Our proven model does not conclusively show that Duke Realty will likely beat estimates this season. This is because a stock needs to have both a positive Earnings ESP and a Zacks Rank #1 (Strong Buy), 2 (Buy) or at least 3 (Hold) for this to happen. However, that is not the case here as you will see below.

(You can uncover the best stocks to buy or sell before they’re reported with our Earnings ESP Filter)

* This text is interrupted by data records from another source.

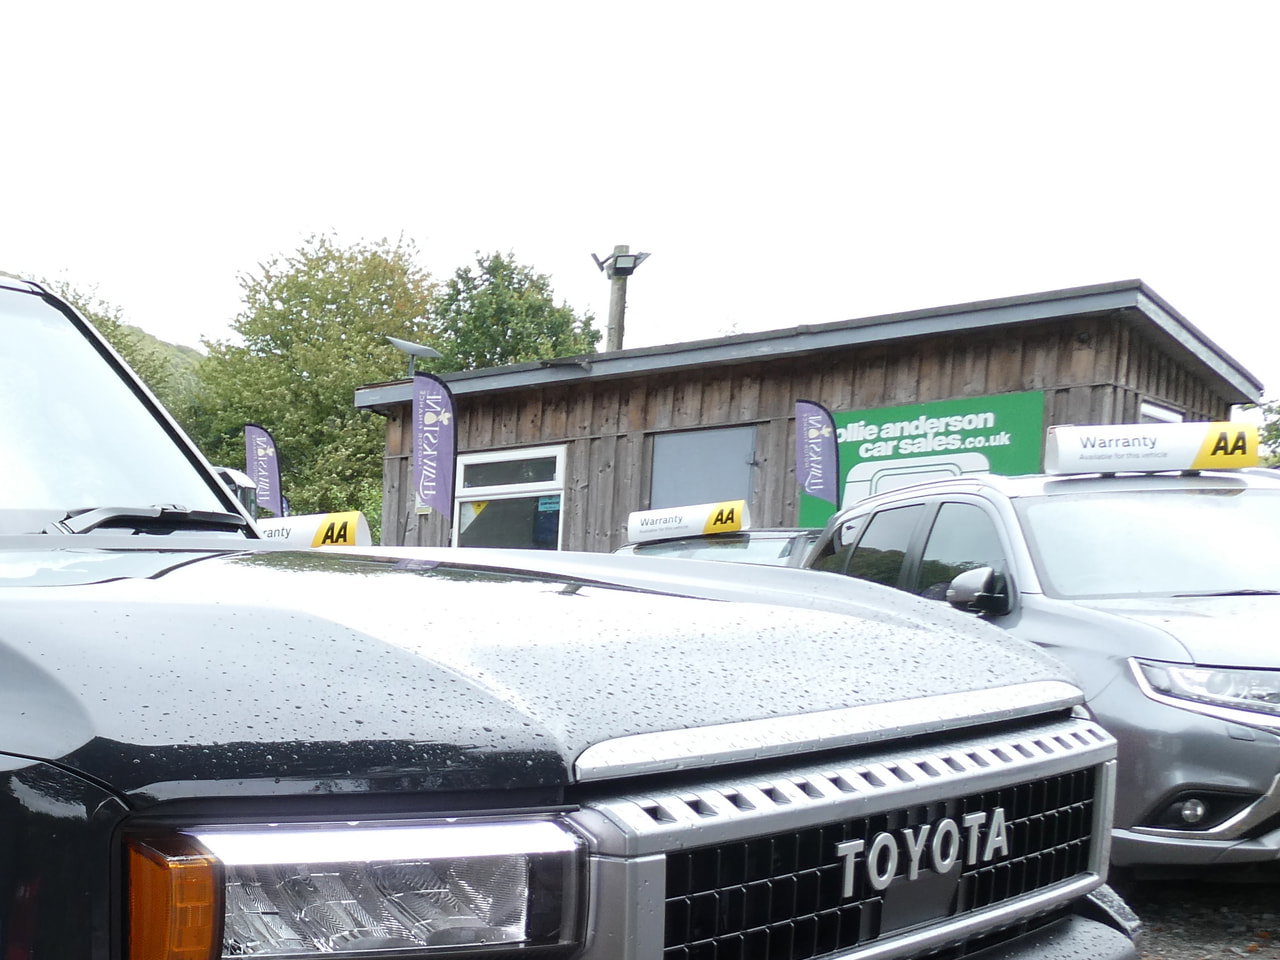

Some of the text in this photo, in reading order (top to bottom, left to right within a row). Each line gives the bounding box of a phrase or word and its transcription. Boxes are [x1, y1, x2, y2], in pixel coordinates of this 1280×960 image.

[836, 412, 995, 443] ollie anderson
[859, 431, 1012, 458] car sales.co.uk
[1080, 435, 1158, 450] Warranty
[1210, 431, 1247, 456] AA
[640, 515, 683, 527] Warranty
[712, 507, 736, 526] AA
[263, 527, 292, 540] ranty
[320, 520, 349, 545] AA
[836, 807, 1009, 898] TOYOTA
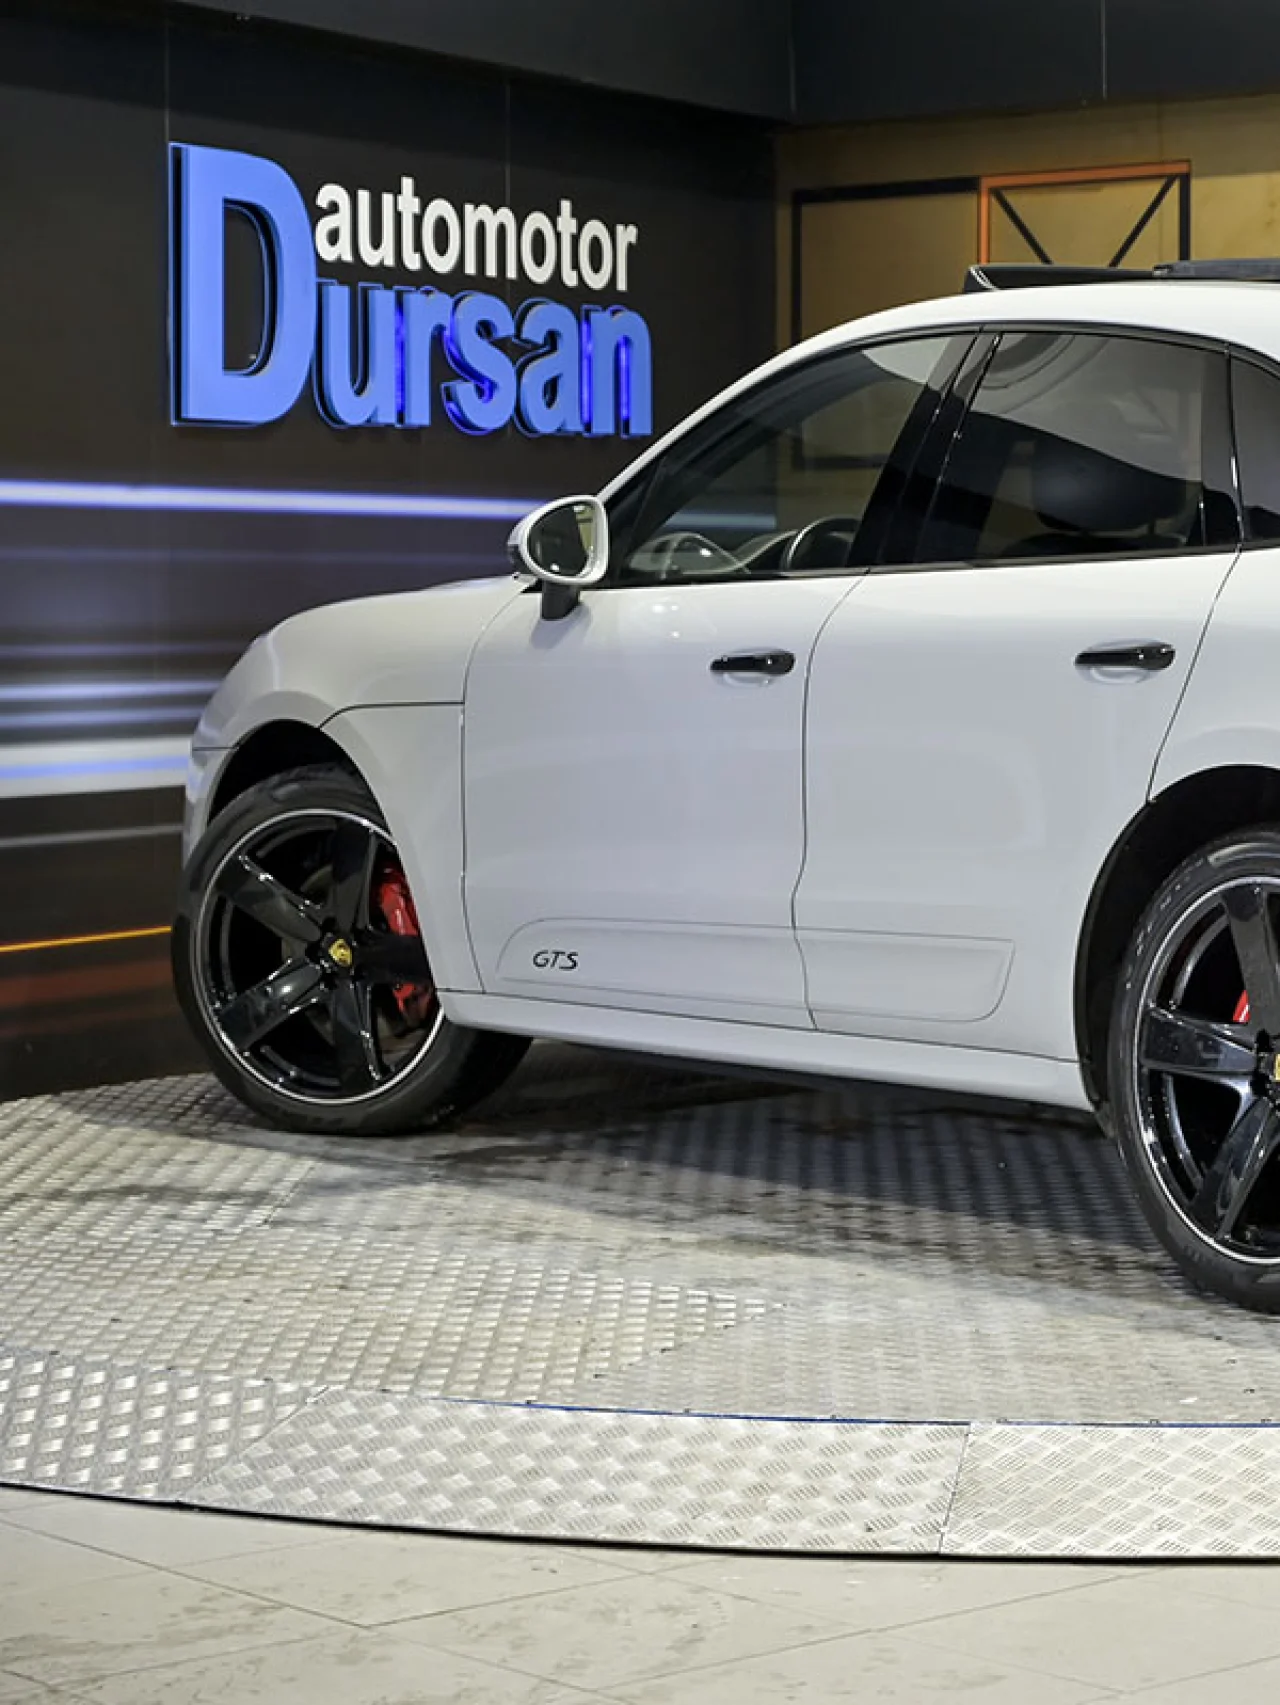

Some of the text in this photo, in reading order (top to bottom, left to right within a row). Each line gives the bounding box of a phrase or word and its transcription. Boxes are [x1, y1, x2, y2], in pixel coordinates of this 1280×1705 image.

[168, 141, 653, 438] Dursan
[315, 176, 639, 292] automotor
[532, 949, 579, 972] GTS

Zacks ESP: The Earnings ESP for Duke Realty is -3.93%.

Zacks Rank: Duke Realty has a Zacks Rank #3. This increases the predictive power of ESP. However, we also need to have a positive ESP to be confident of an earnings beat.

Stocks That Warrant a Look

Here are a few stocks in the REIT sector that you may want to consider, as our model shows that these have the right combination of elements to report a positive surprise this quarter:

CoreSite Realty Corporation (COR - Free Report) , slated to release third-quarter results on Oct 26, has an Earnings ESP of +1.01% and a Zacks Rank of 2. You can see the complete list of today’s Zacks #1 Rank stocks here.

Cousins Properties Inc. (CUZ - Free Report) , scheduled to report quarterly numbers on Oct 25, has an Earnings ESP of +1.13% and a Zacks Rank of 3.

Boston properties, Inc. (BXP - Free Report) , slated to release third-quarter earnings on Nov 1, has an Earnings ESP of +0.39% and a Zacks Rank of 3.
 
Note: FFO, a widely used metric to gauge the performance of REITs, is obtained after adding depreciation and amortization and other non-cash expenses to net income.